Desde a
morte de Hugo Chávez em março de 2013 a oposição
burguesa retomou a ofensiva para derrubar o governo da "revolução
bolivariana". A postura da oposição burguesa nas
últimas eleições vinha sendo de uma "oposição
construtiva", que buscava ser propositiva e dialogar com a
população pela positiva, sem se chocar frontalmente com
os elementos ideológicos mais característicos do
chavismo. Essa foi a linha da campanha da oposição
unificada em torno da candidatura de Henrique Capriles nas eleições
de outubro de 2012 e abril de 2013, ambas vencidas pelo chavismo, a
primeira ainda com Hugo Chávez e a segunda já com seu
sucessor Nicolas Maduro.
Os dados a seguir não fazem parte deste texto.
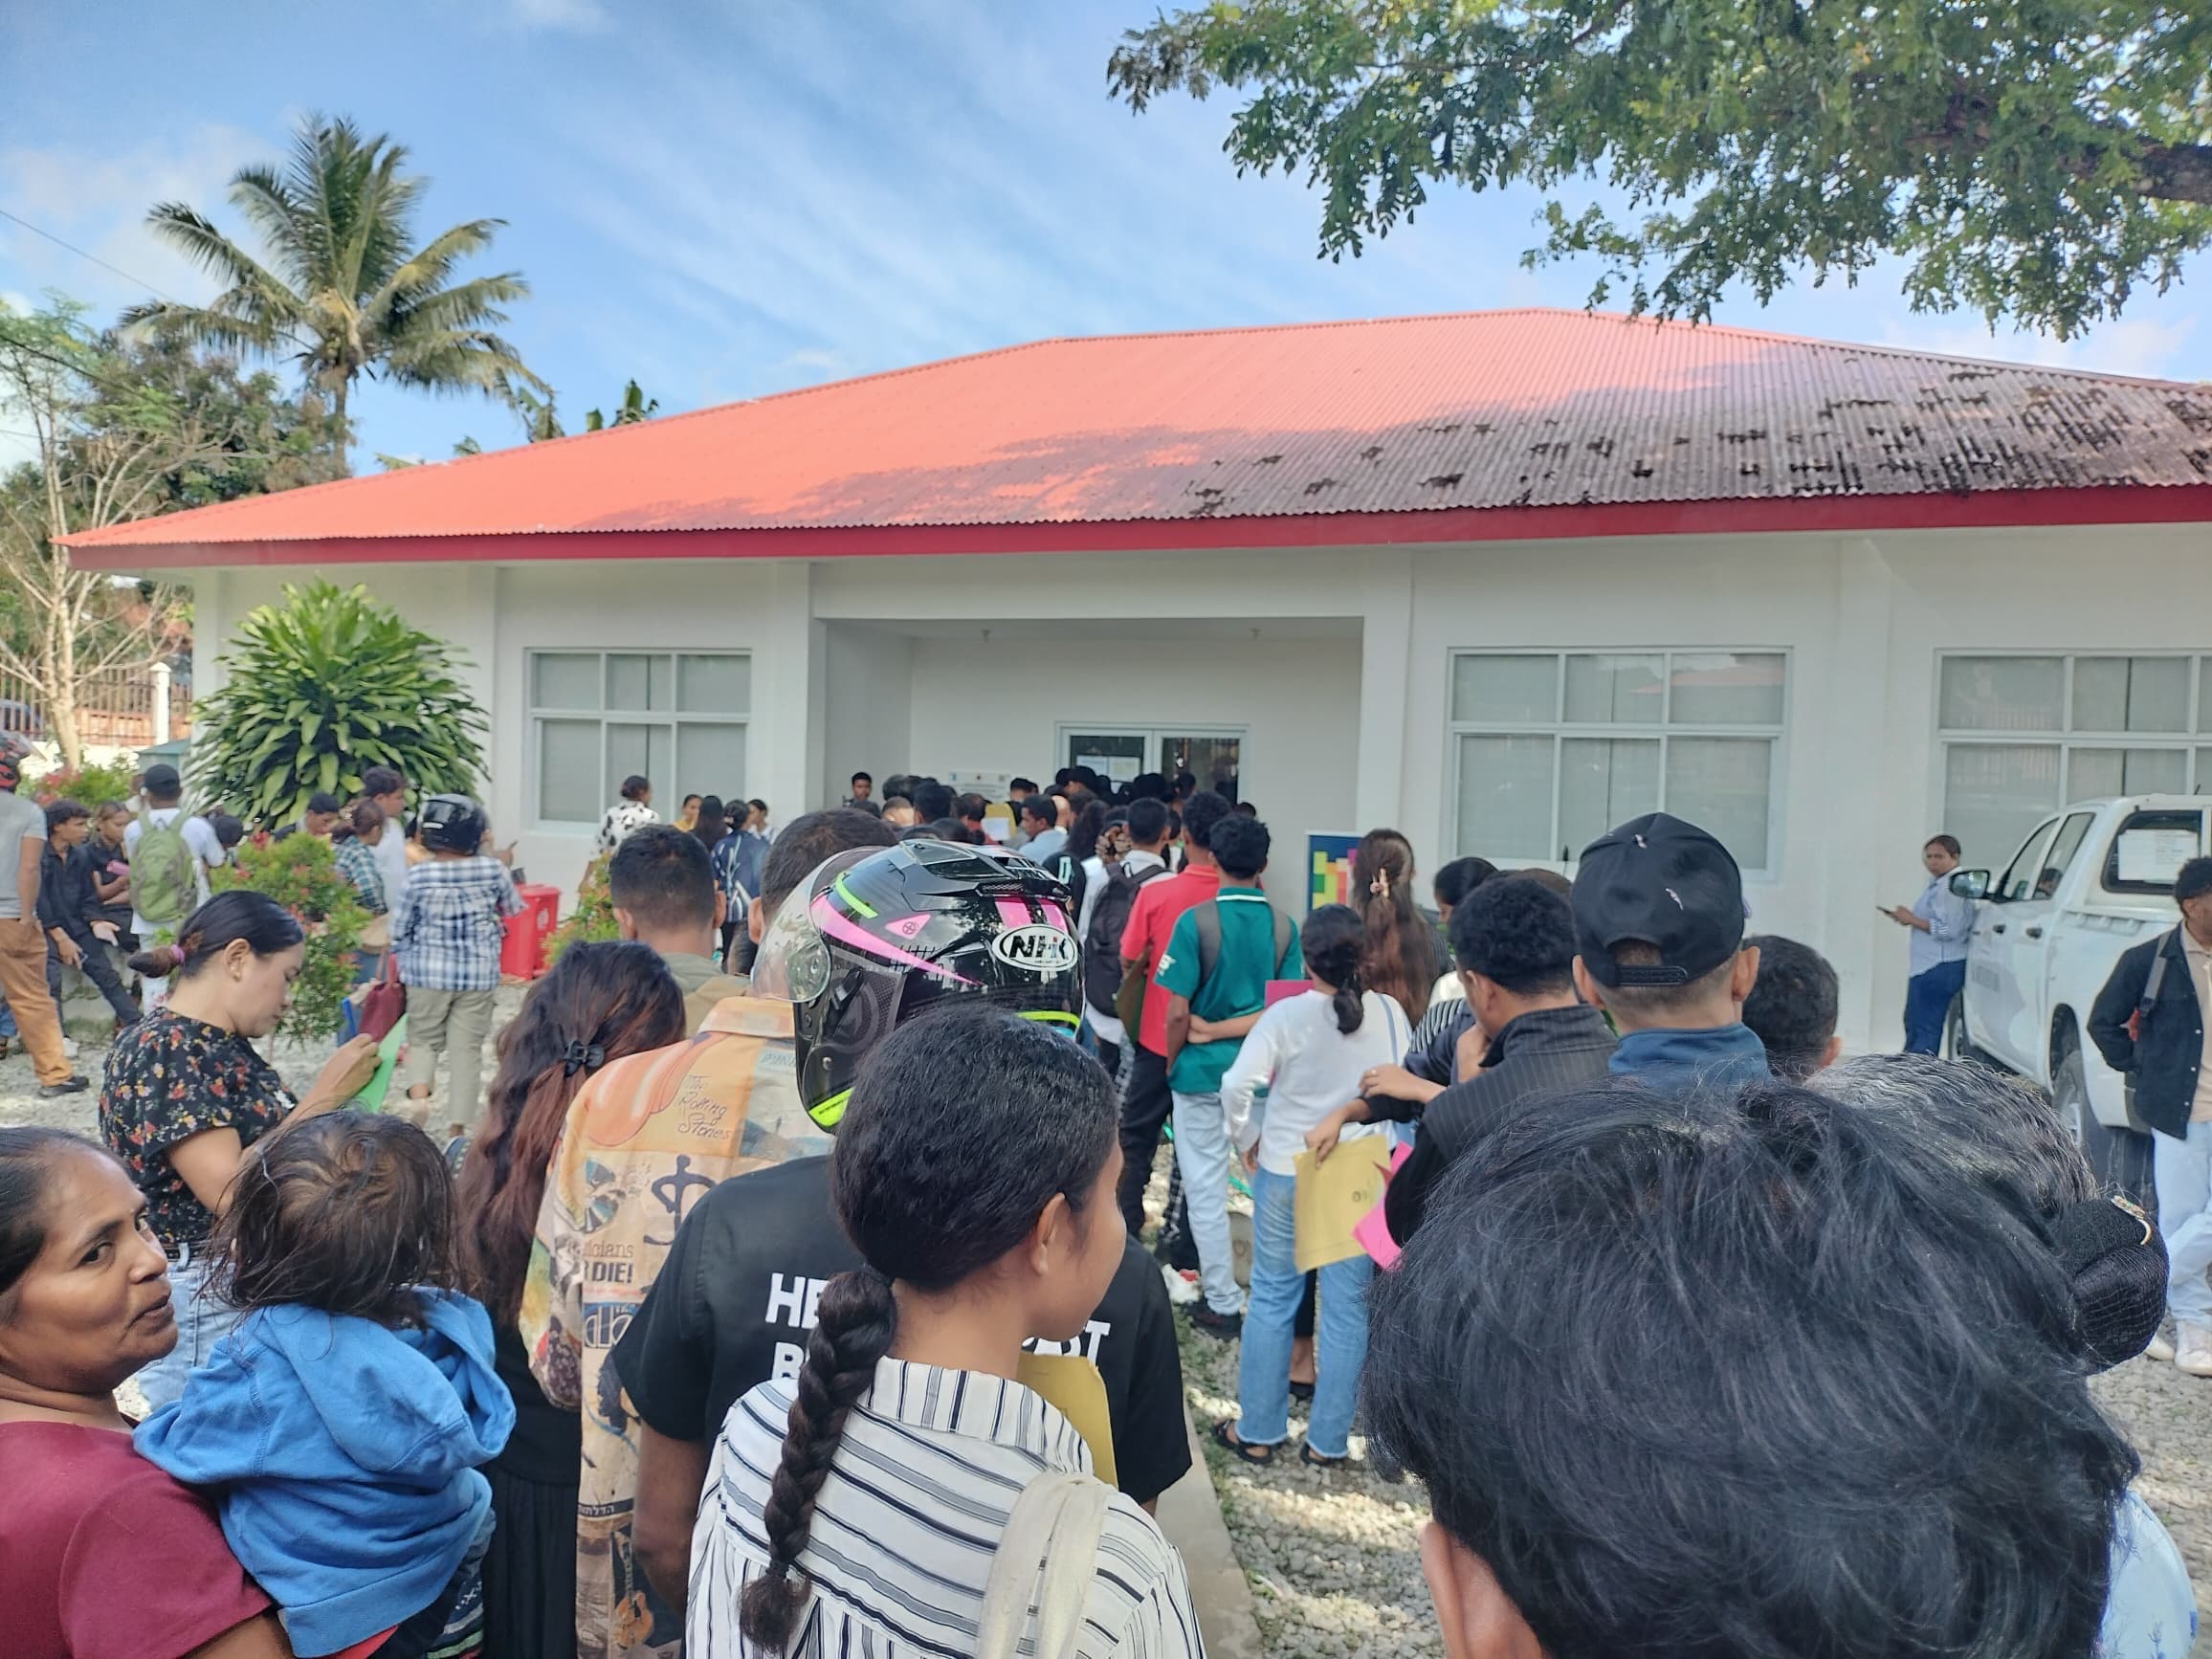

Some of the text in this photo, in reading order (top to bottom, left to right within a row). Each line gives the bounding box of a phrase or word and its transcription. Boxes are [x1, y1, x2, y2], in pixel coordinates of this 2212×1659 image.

[1009, 935, 1069, 960] NHK
[591, 1261, 633, 1283] DIE!
[765, 1272, 830, 1329] HE
Entretanto, no último período,
a oposição burguesa mudou sua postura e retomou uma
política abertamente golpista. Para combater o golpe da
burguesia, precisamos entender o processo que está em curso na
Venezuela.
A
situação na Venezuela
A
política “propositiva” da oposição burguesa
nas últimas campanhas presidenciais se baseava justamente na
situação objetiva e material, nas condições
de vida da população, que seguem ruins depois de 15
anos de governo chavista. Em especial a violência, a
criminalidade em geral, a corrupção, a inflação
e a escassez de produtos básicos atormentam a população
cotidianamente. Mesmo com toda a retórica "socialista"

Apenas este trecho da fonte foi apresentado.